[Work task] Write an exact copy of the entries below that leaves out all pictures.

# # # # #

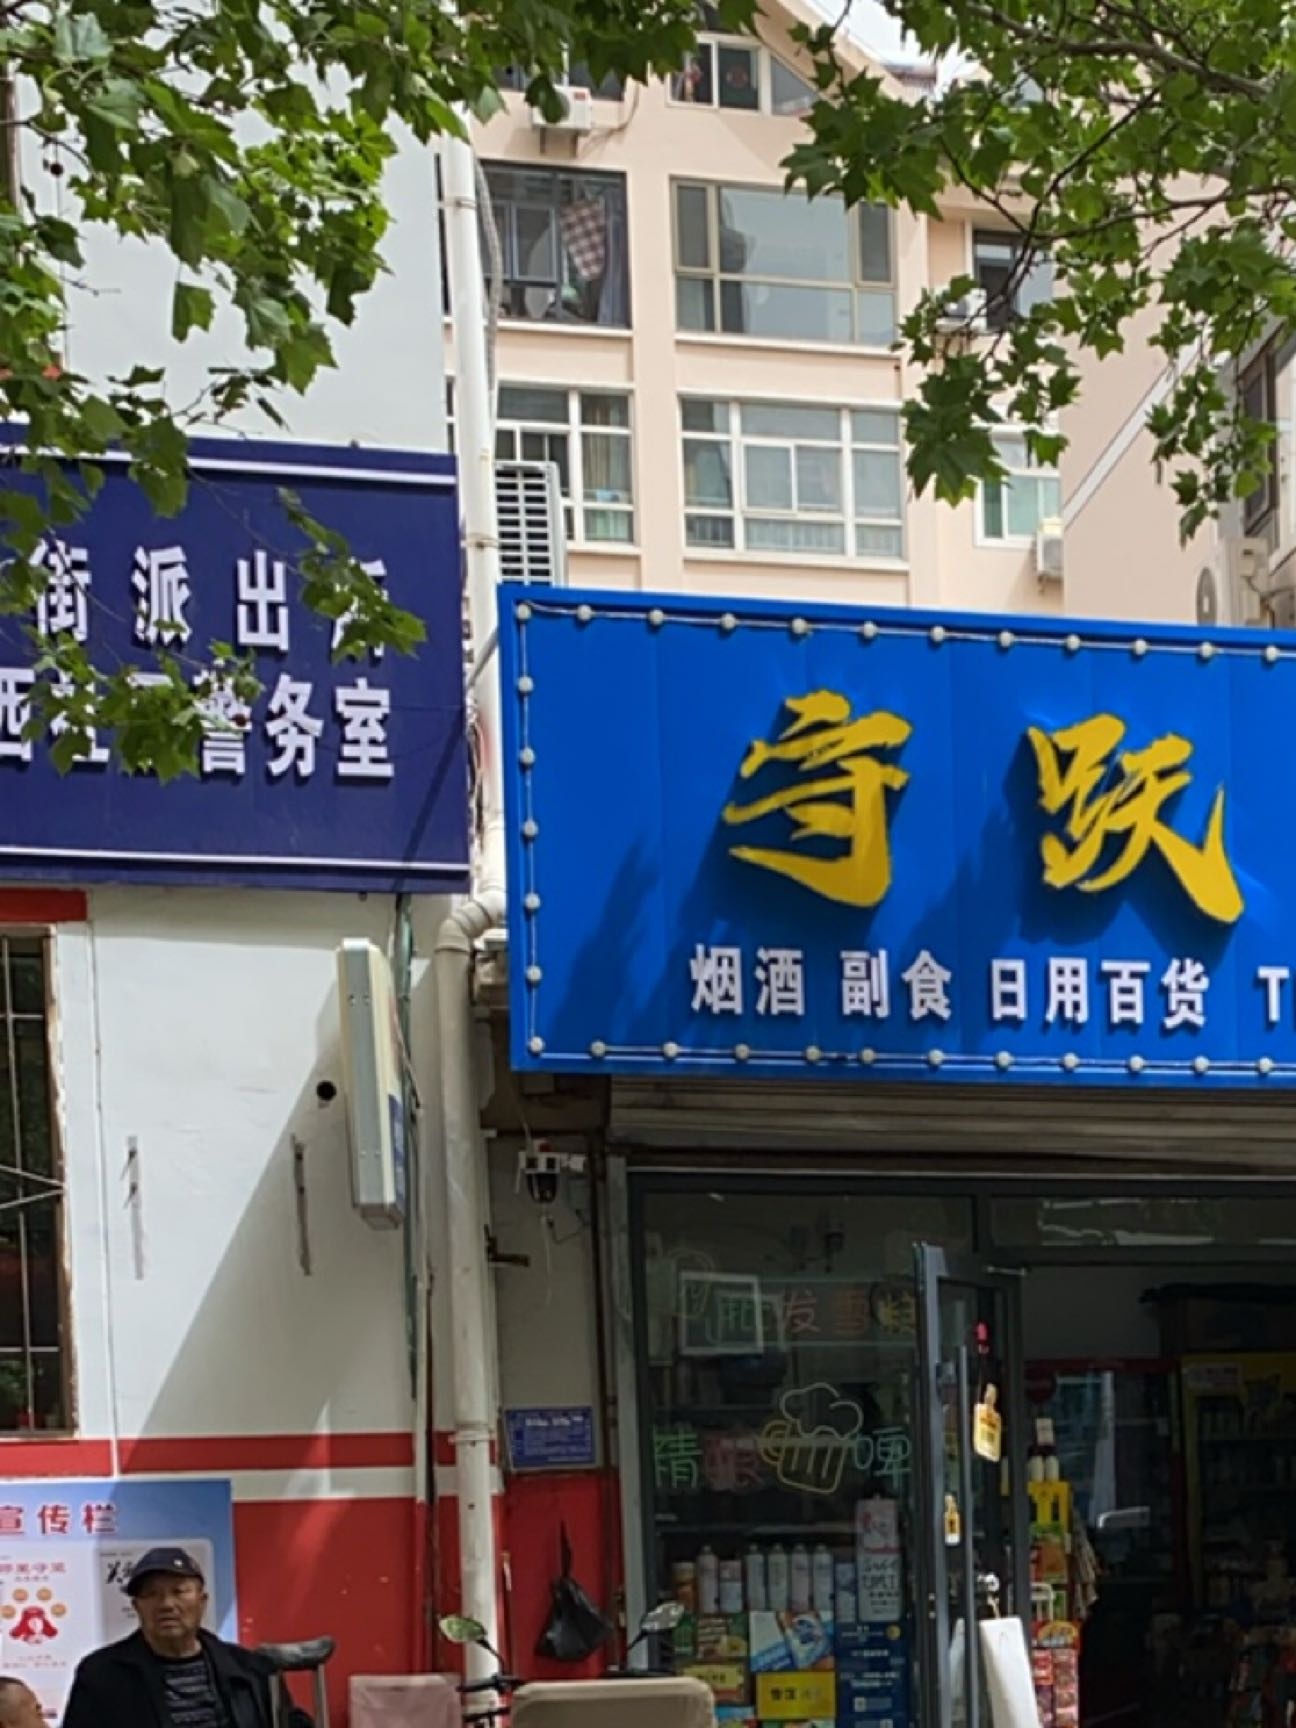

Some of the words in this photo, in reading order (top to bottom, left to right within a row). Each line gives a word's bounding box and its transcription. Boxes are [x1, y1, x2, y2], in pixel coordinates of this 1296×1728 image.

[0, 667, 395, 779] 西警务室
[690, 944, 805, 1016] 烟酒
[840, 948, 952, 1021] 副食
[991, 956, 1209, 1029] 日用百货
[0, 1503, 118, 1536] 宣传栏
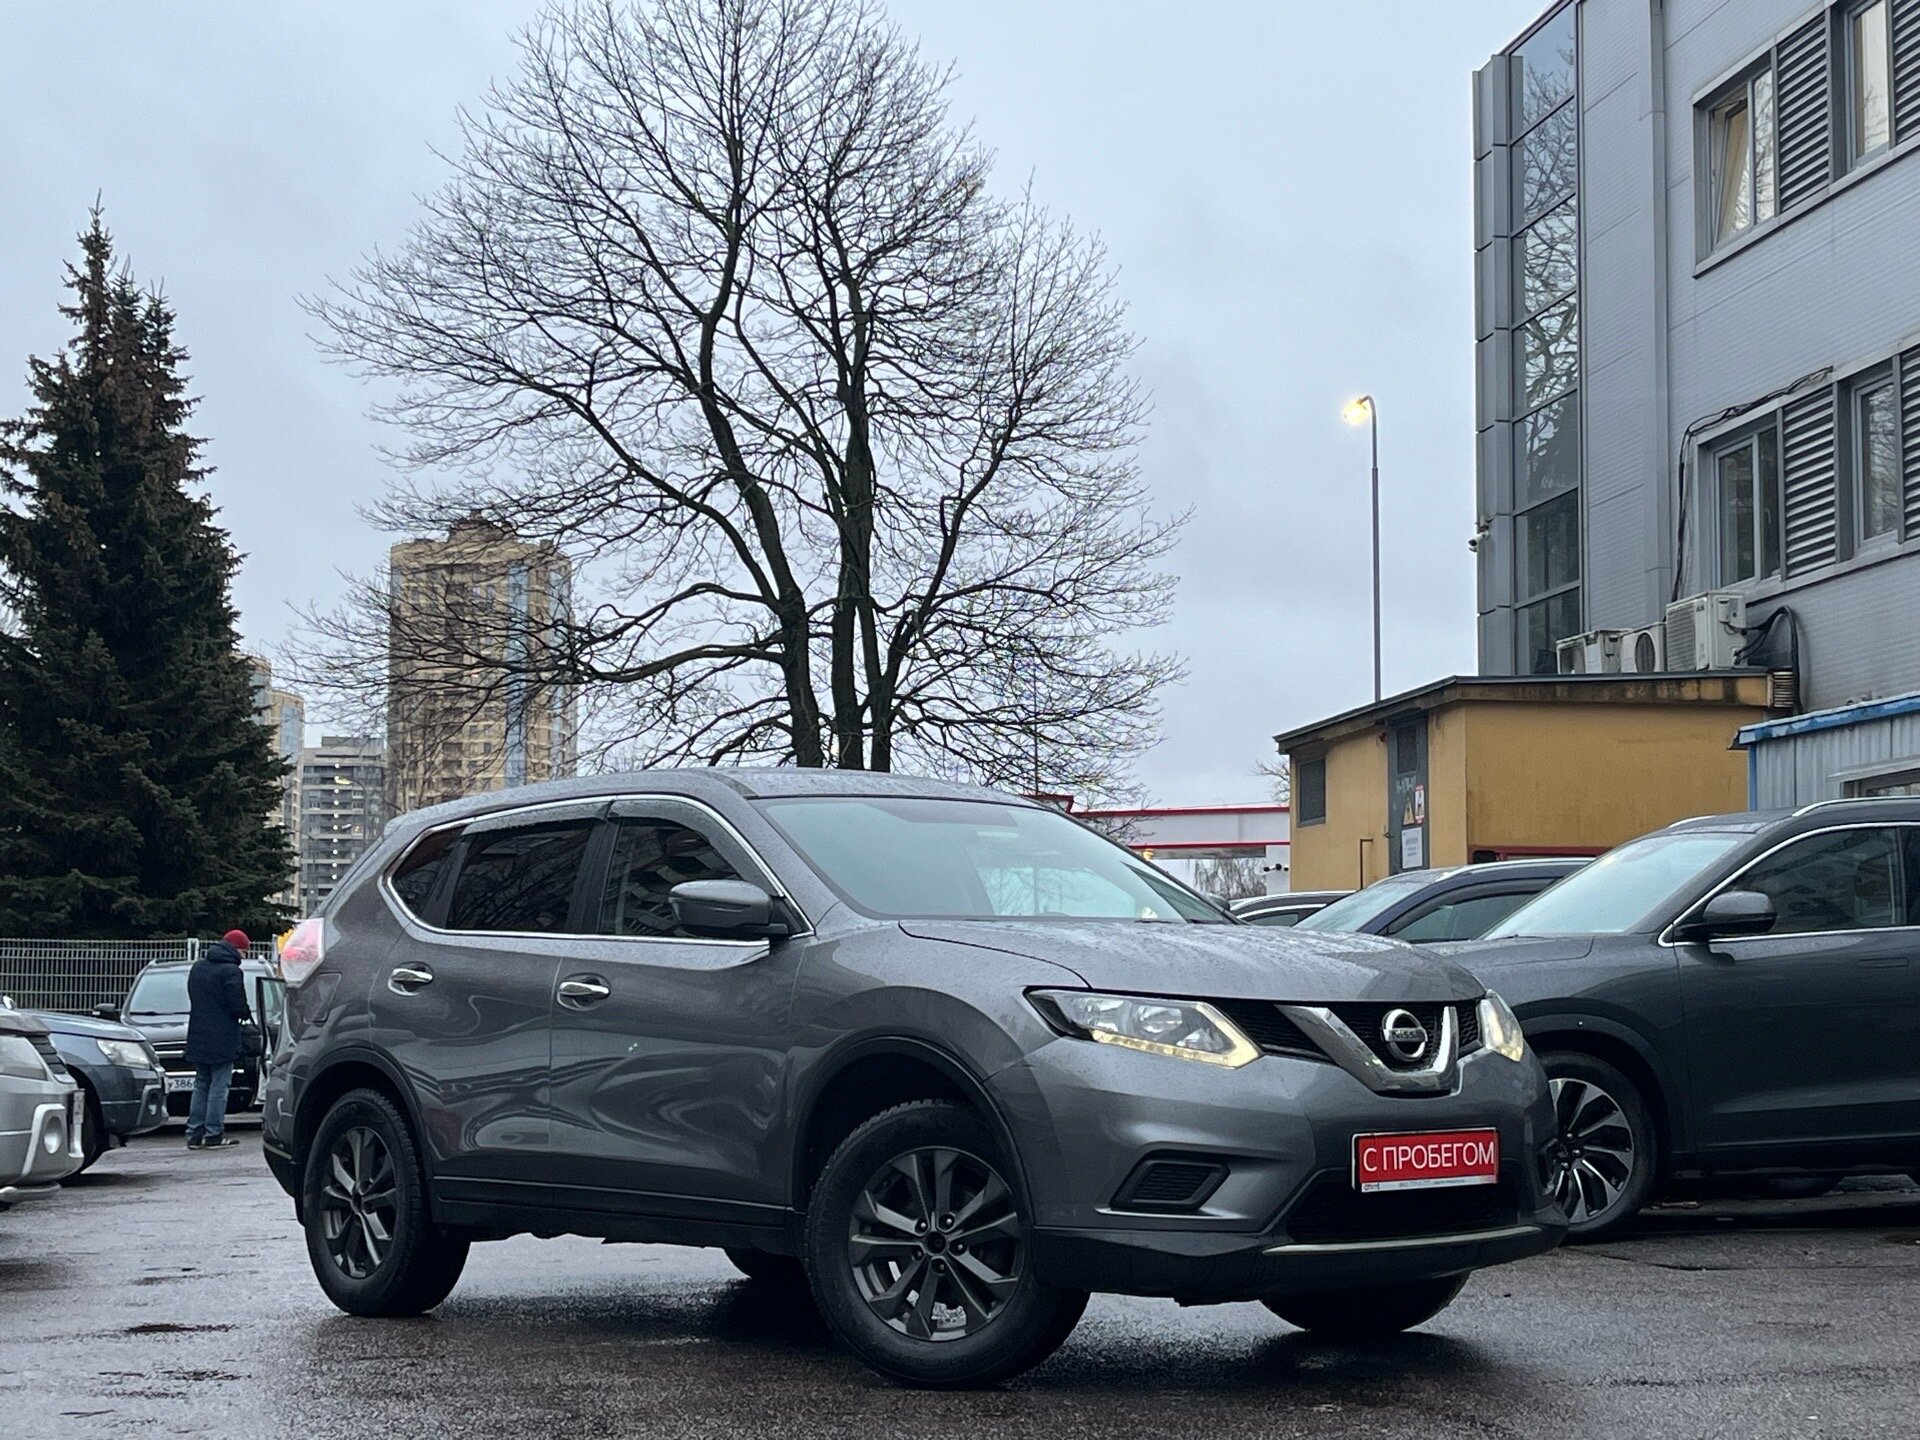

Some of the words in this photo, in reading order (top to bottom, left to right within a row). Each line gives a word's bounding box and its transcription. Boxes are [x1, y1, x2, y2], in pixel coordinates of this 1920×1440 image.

# # # # #

[Task solution]
Some of the words in this photo, in reading order (top to bottom, left to right within a row). Each line gives a word's bounding box and its transcription. Boxes are [x1, y1, x2, y2], in pixel coordinates of this 1296×1728 image.

[0, 667, 395, 779] 西警务室
[690, 944, 805, 1016] 烟酒
[840, 948, 952, 1021] 副食
[991, 956, 1209, 1029] 日用百货
[0, 1503, 118, 1536] 宣传栏

Some of the words in this photo, in reading order (top to bottom, left to right within a row). Each line gives a word's bounding box and its transcription. Boxes are [x1, y1, x2, y2], in pixel coordinates of this 1920×1440 image.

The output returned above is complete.